Exercise instructions:
Your reply should repeat all records verbatim and contain no images.

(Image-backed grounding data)
════════════════════
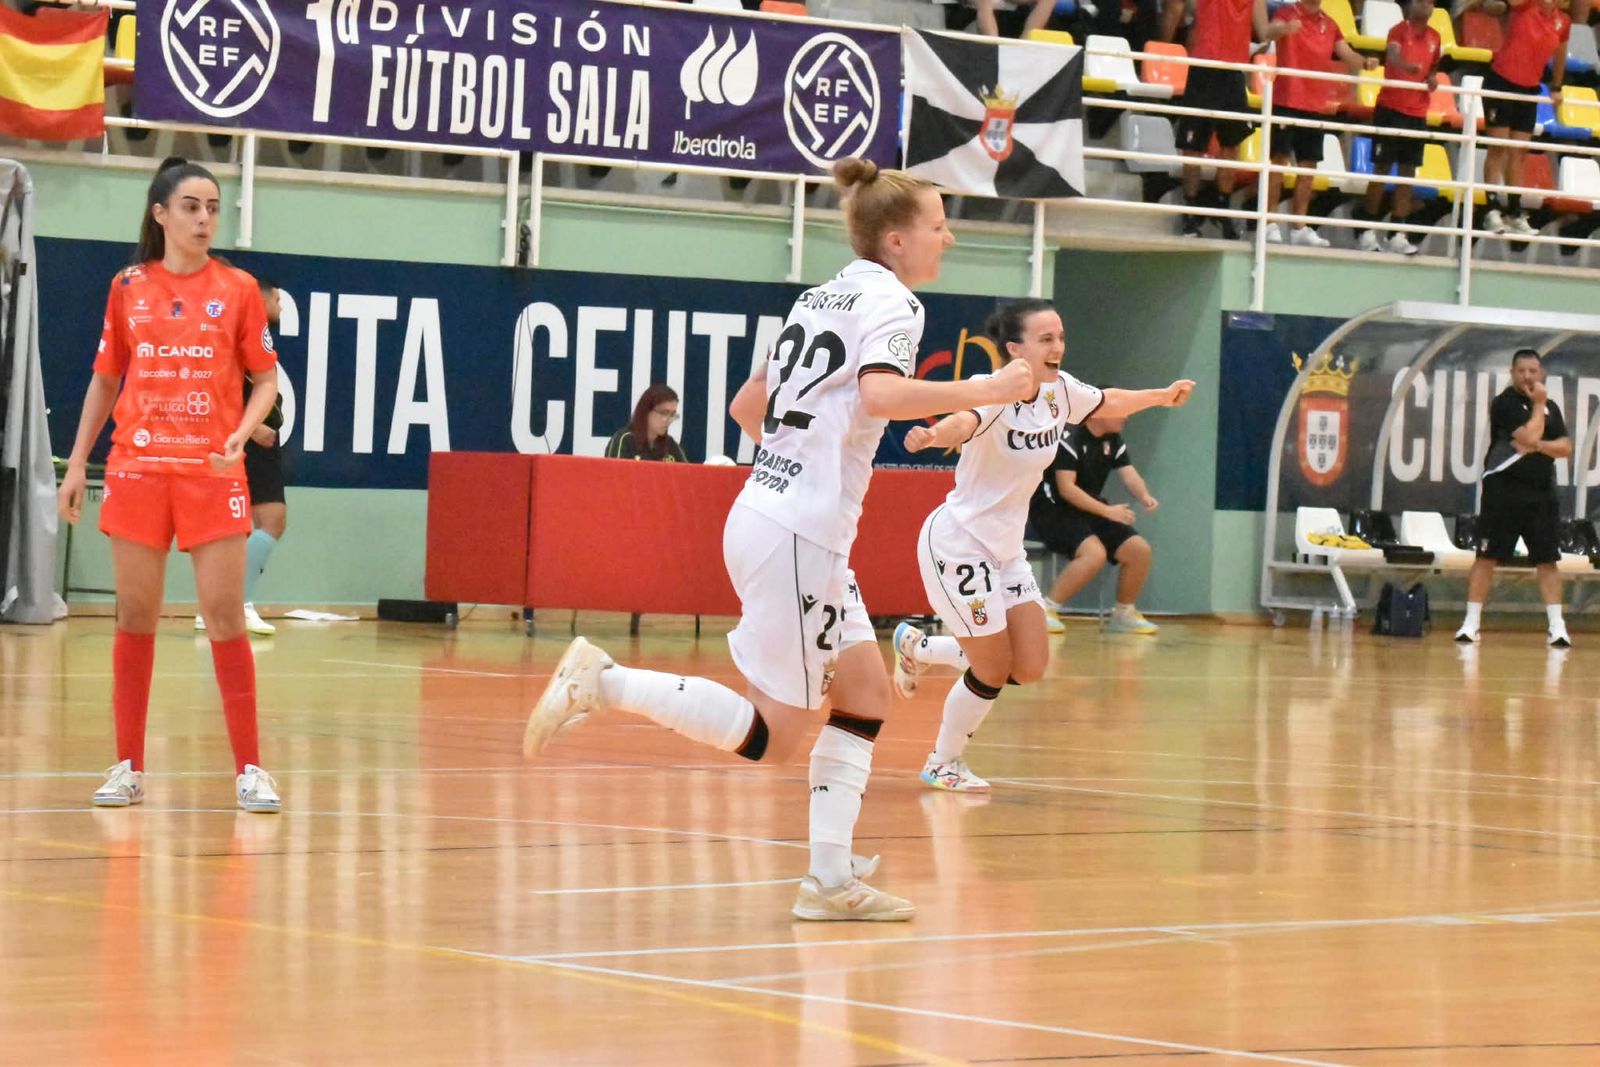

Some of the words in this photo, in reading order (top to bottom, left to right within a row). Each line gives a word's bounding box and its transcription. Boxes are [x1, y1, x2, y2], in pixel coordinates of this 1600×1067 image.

[369, 0, 650, 57] DIVISIÓN
[366, 34, 531, 139] FÚTBOL
[547, 61, 650, 150] SALA
[672, 130, 756, 159] Iberdrola
[158, 345, 213, 358] CANDO
[764, 323, 847, 434] 22
[1389, 366, 1600, 487] CIUD
[956, 561, 992, 596] 21
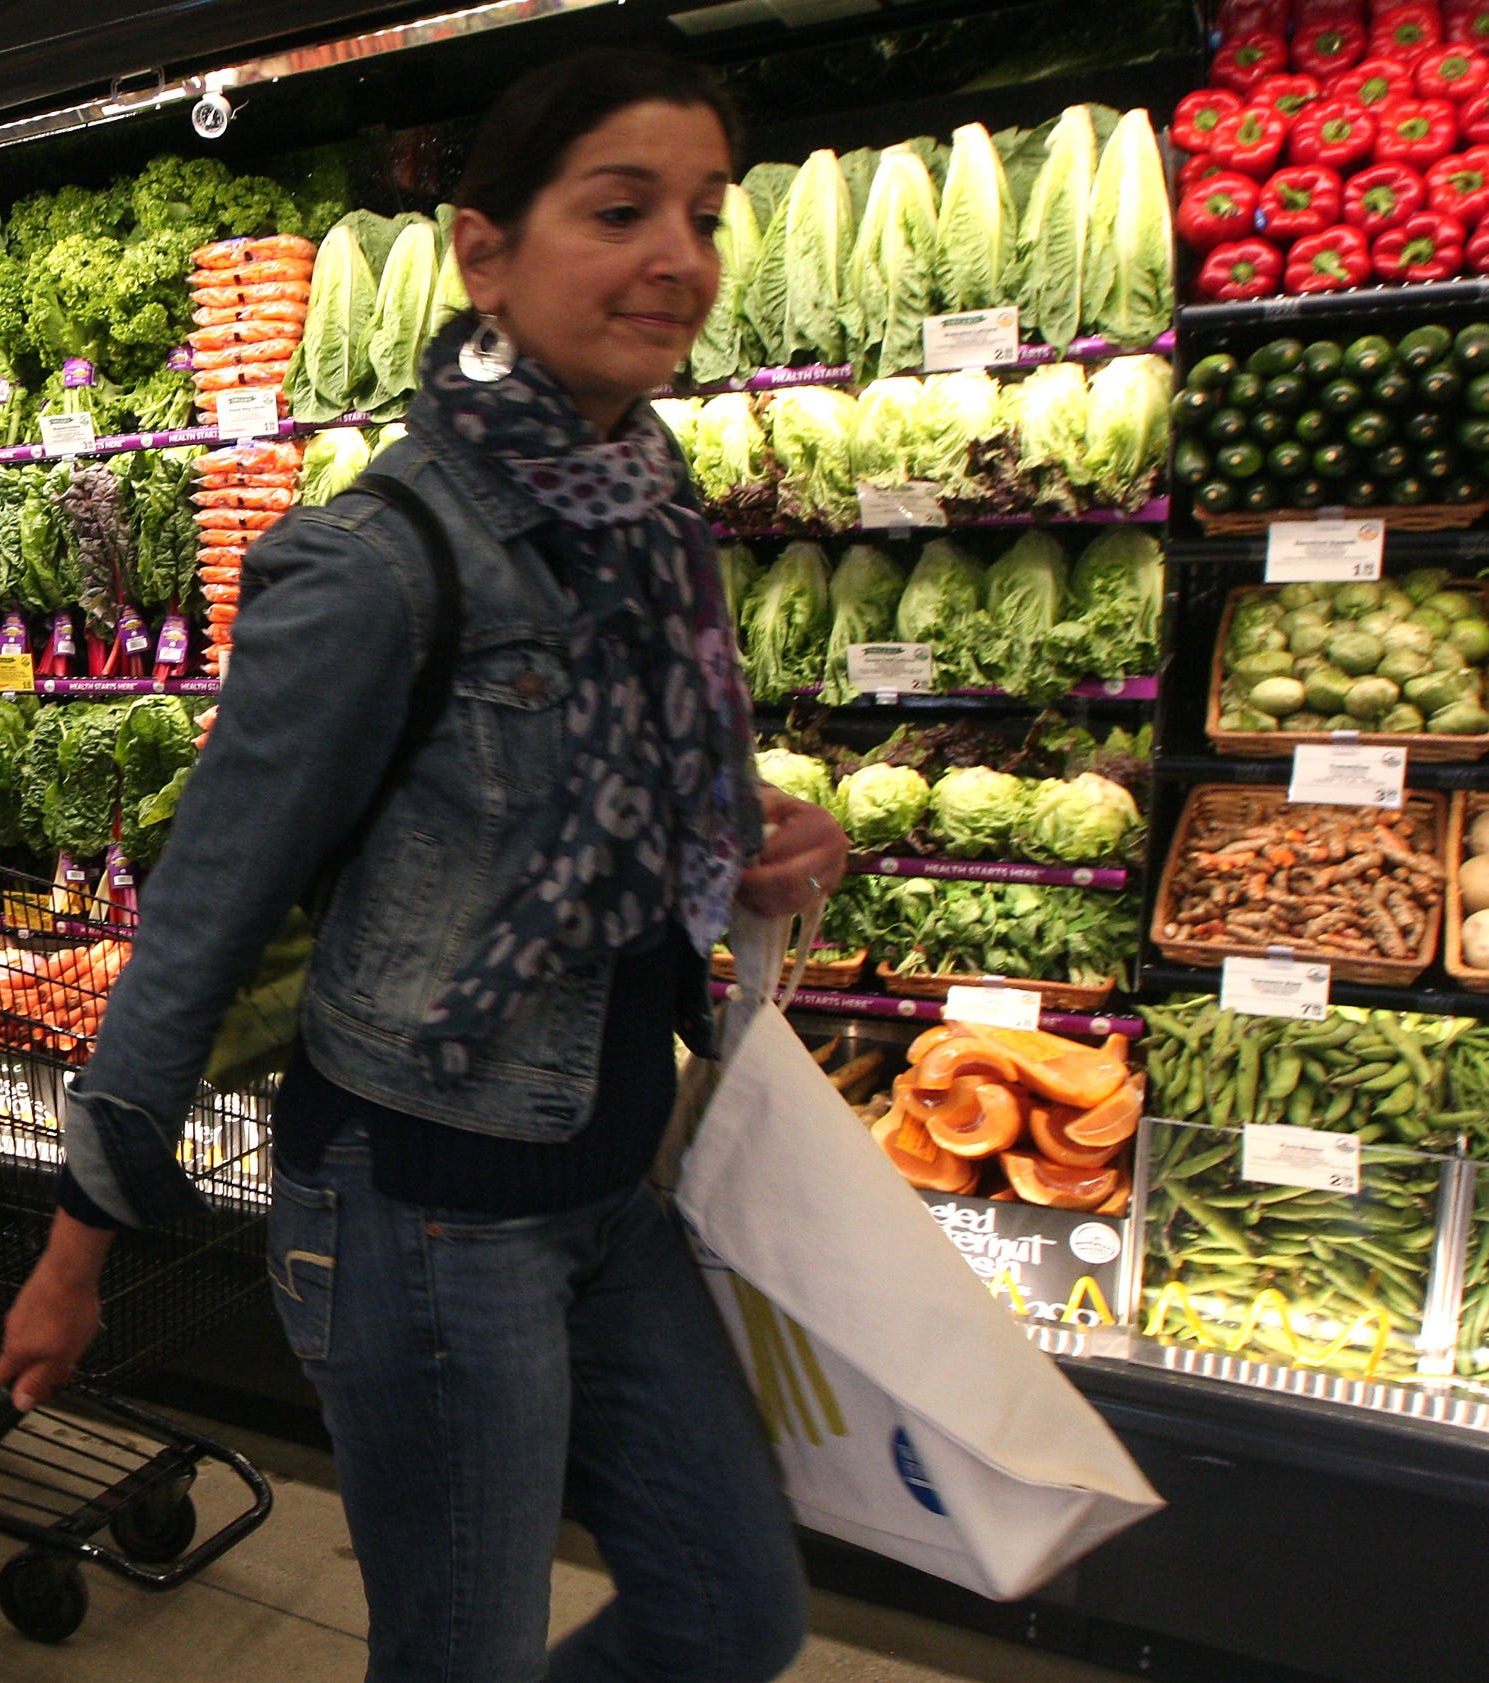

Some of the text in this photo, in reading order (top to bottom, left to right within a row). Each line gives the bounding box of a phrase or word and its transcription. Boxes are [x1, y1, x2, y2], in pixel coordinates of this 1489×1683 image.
════════════════════
Response below:
Some of the words in this photo, in reading order (top to bottom, left to right within a row). Each line gives a word's bounding box and its transcription. Boxes are [x1, y1, x2, y2], in pixel coordinates of this 1600×1067 image.

[369, 0, 650, 57] DIVISIÓN
[366, 34, 531, 139] FÚTBOL
[547, 61, 650, 150] SALA
[672, 130, 756, 159] Iberdrola
[158, 345, 213, 358] CANDO
[764, 323, 847, 434] 22
[1389, 366, 1600, 487] CIUD
[956, 561, 992, 596] 21

Some of the text in this photo, in reading order (top to bottom, left to right within a row). Each line gives the bounding box of a phrase or word and its transcription. Boxes are [x1, y1, x2, y2], in pixel coordinates of this 1489×1683 image.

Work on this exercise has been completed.